Co-Occurring Disorders: The “Z-axis”
Richard Saitz, M.D., M.P.H.
Dr. Richard Saitz, of Boston University and Boston Medical Center, discussed just what is meant by the term comorbidity and the confusion it causes for service providers, patients, and families. How do you diagnose comorbidity? What is the primary diagnosis—mental health, substance abuse/addiction, or medical condition? Saitz used several case studies to highlight the complexities this
causes in treating an individual with co-occurring conditions. Further, Saitz explored a “Service Coordination by Severity” conceptual framework proposed by SAMSHA and how to expand this framework to integrate medical care, or what Saitz refers to as the "Z axis"—medical severity. Saitz went on to present data on the risks for co-occurring disorders, such as alcohol-related emergency and hospital utilization; medical disorders more common in patients with substance use disorders, psychotic disorders, or both; and comorbidity in a detoxification sample. Saitz concluded his presentation by addressing how mental health/substance abuse comorbidity issues impact the care of chronic medical conditions and by presenting models of care for patients with co-occurring medical, psychiatric, and substance abuse disorders. Models of care included integrated primary care and addiction treatment, integrated medical and alcoholism care, and buprenorphine treatment in primary care.

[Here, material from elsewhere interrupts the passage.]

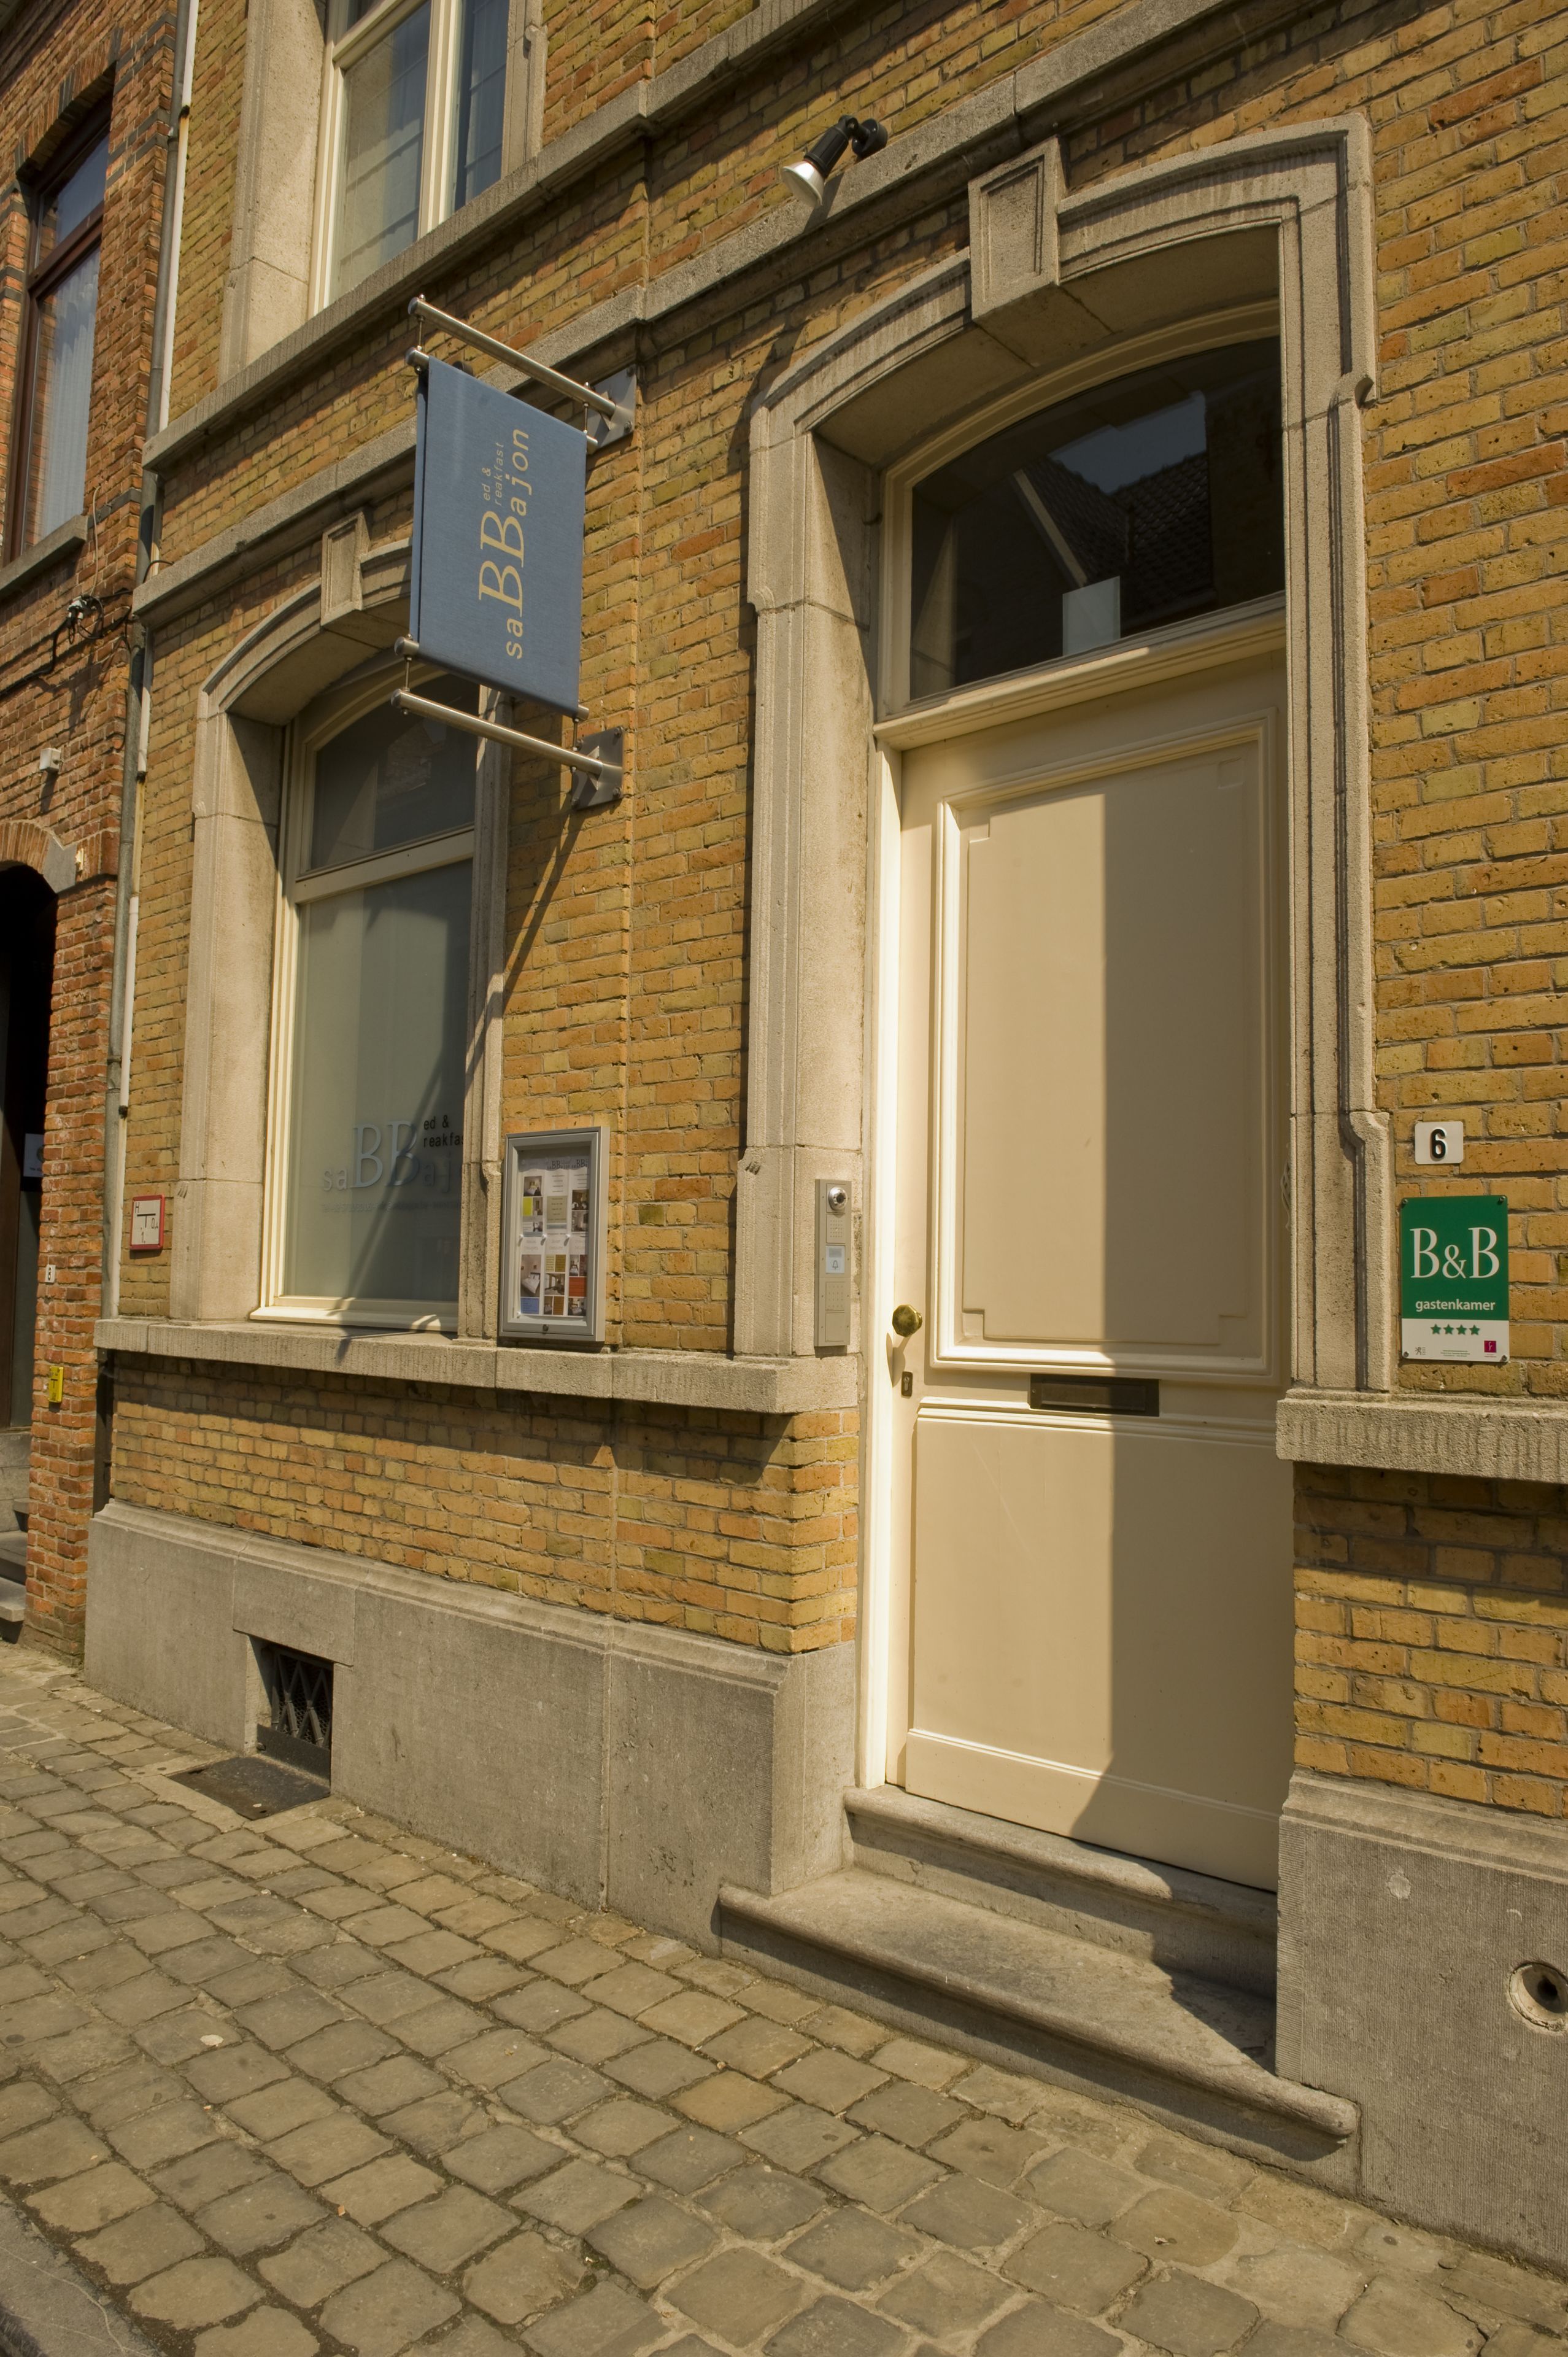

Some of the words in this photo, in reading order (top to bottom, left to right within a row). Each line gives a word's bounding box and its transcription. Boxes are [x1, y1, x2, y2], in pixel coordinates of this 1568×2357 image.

Addressing Co-Occurring Conditions: A Provider’s Perspective
Joan E. Zweben, Ph.D.
Dr. Joan Zweben, professor of psychiatry at the University of California, San Francisco, and executive director of the 14th Street Clinic and East Bay Community Recovery Project,
presented a provider’s perspective to addressing co-occurring conditions. She outlined many of the services provided by the clinic, but enumerated the many obstacles to providing thorough, quality care. These obstacles include poor policy statements and poor communication between government entities, resulting in conflicting expectations and requirements between programs. Zweben called for policy statements to be collaborative (i.e., interagency) and to outline expectations for treating persons with Co-Occurring Disorders. Policies should also clearly identify the impropriety of excluding persons with Co-Occurring Disorders from either treatment systems or other service systems. Zweben also examined issues of training and licensing professional and nonprofessional care providers. She concluded by highlighting the need for a universal charting system to allow consistent data collection.